Do you ever wonder why sheep and livestock graze around roads and stick their heads through fences just to reach out for grass? Or why do children ingest soils and dusts in playgrounds and around gardens?
Fuge (2013) states that there seems to be a tendency of a larger number for sheep graze near roads and historical lead mines as elevated lead concentrations may cause the sweeter taste of the grass. Furthermore, Mielke (1999) claims that toddlers may be tempted to ingest leaded paint at home and gardens due to similar reasons.
The sweet properties of this element have been recognised since as far back asthe Romans as lead was added to wine and many other dishes to improve its taste (Herbert and Needleman, 1999). Furthermore, utensils were often made of lead. It has been estimated that their daily intake varied between 35 mg/day to ~ 250 mg/day, compared to modern intakes of 0.3 mg/day recorded in the US in the 1980’s (National Academy of Sciences 1980). Its poisonous and toxic nature however, has been recognised as early as 2000 BC (Herbert and Needleman, 1999). The Greek philosopher Nikander described symptoms such as colic and anaemia due to lead poisoning.

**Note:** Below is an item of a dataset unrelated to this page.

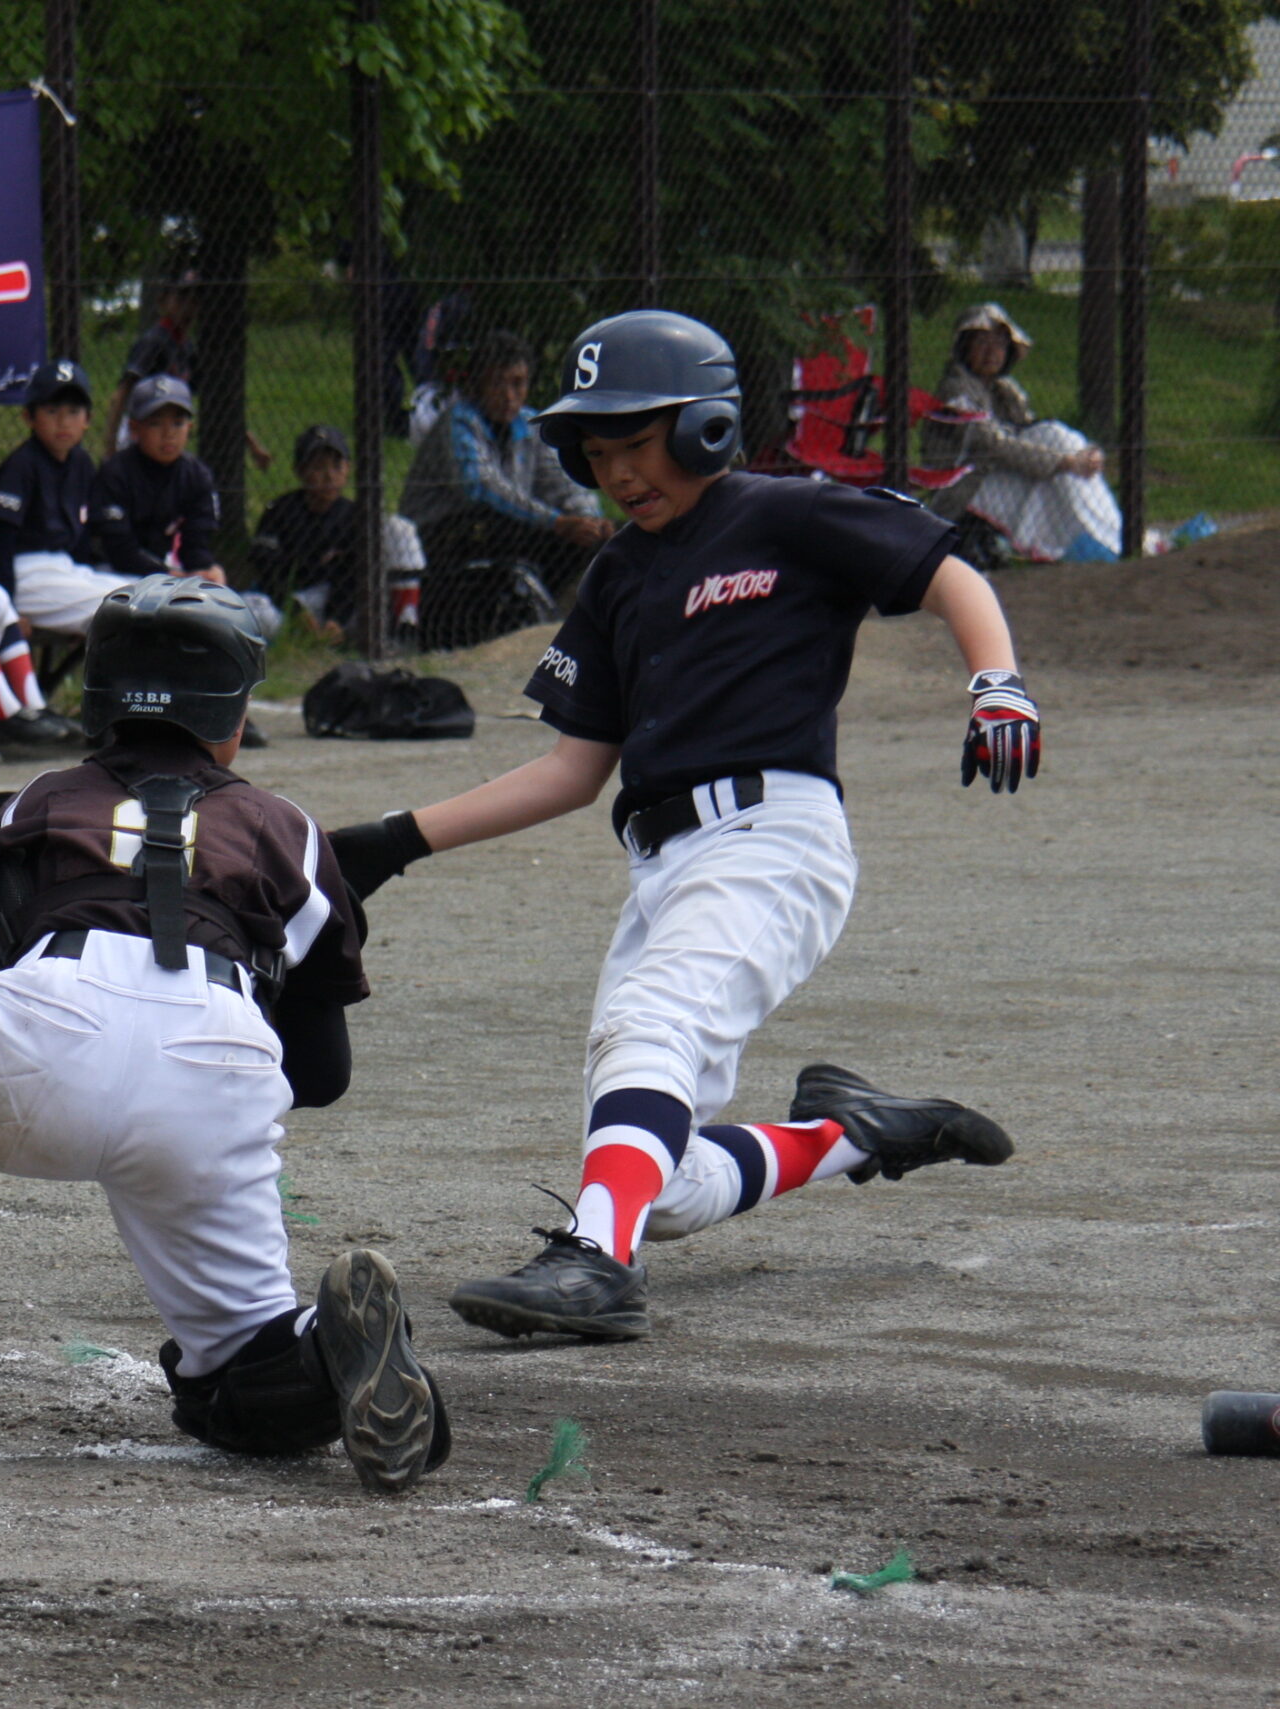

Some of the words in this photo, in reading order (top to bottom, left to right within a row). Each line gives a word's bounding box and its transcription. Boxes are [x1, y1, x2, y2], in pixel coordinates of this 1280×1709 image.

Lead toxicity and its implications to life on Earth became a major concern in the last three decades as lead occurs in appreciable amounts in all rocks and soils (DeTreville, 1964). Many studies show that it can have detrimental effects-mainly to the central nervous system (CSN); it can also cause a range of chronic diseases and health effects and lead to lowering of the IQ, myocardial infarction and stroke mortality (Alloway et al., 2005) derived from the consumption of food and drinks: via plants, animals and drinking polluted water but also during respiration (HSMO, 1974). However, lead was added to petrol to improve engine performance despite all its known toxic and harmful qualities.
Mielke and Reagan (1998) concluded that leaded petrol, industrial sources and lead-based paints deterioration seem to be the major sources of contamination in soils. Thornton and Abrahams (1983) claim that 4000 km2 of agricultural land have been affected by contamination caused by historical mining and smelting processes in England and Wales. Urban centres reflect many anthropogenic sources: motor vehicle exhaust at a very high rate, ore processing, industrial activities, coal combustion, and agricultural practices at a relatively high rate due to the rapid economic and population growth. The high lead values coincide with densely populated urban centres such as Birmingham, Newcastle, and London, wide areas around Liverpool, Manchester and Swansea. Although lead has been banned since 1998 in the UK and since 1970s in the USA, it is still considered as a great thread as lead is an immobile element and persists in the environment over a large period of time. Recently, a relationship between crime rate and lead bone poisoning has been found (Needleman, 2004). Mielke et al. (2007) has shown that in New Orleans 93.5% children are at risk caused from lead-based paint deterioration and leaded petrol ant its accumulation in soils. Does the same thread occur in the UK?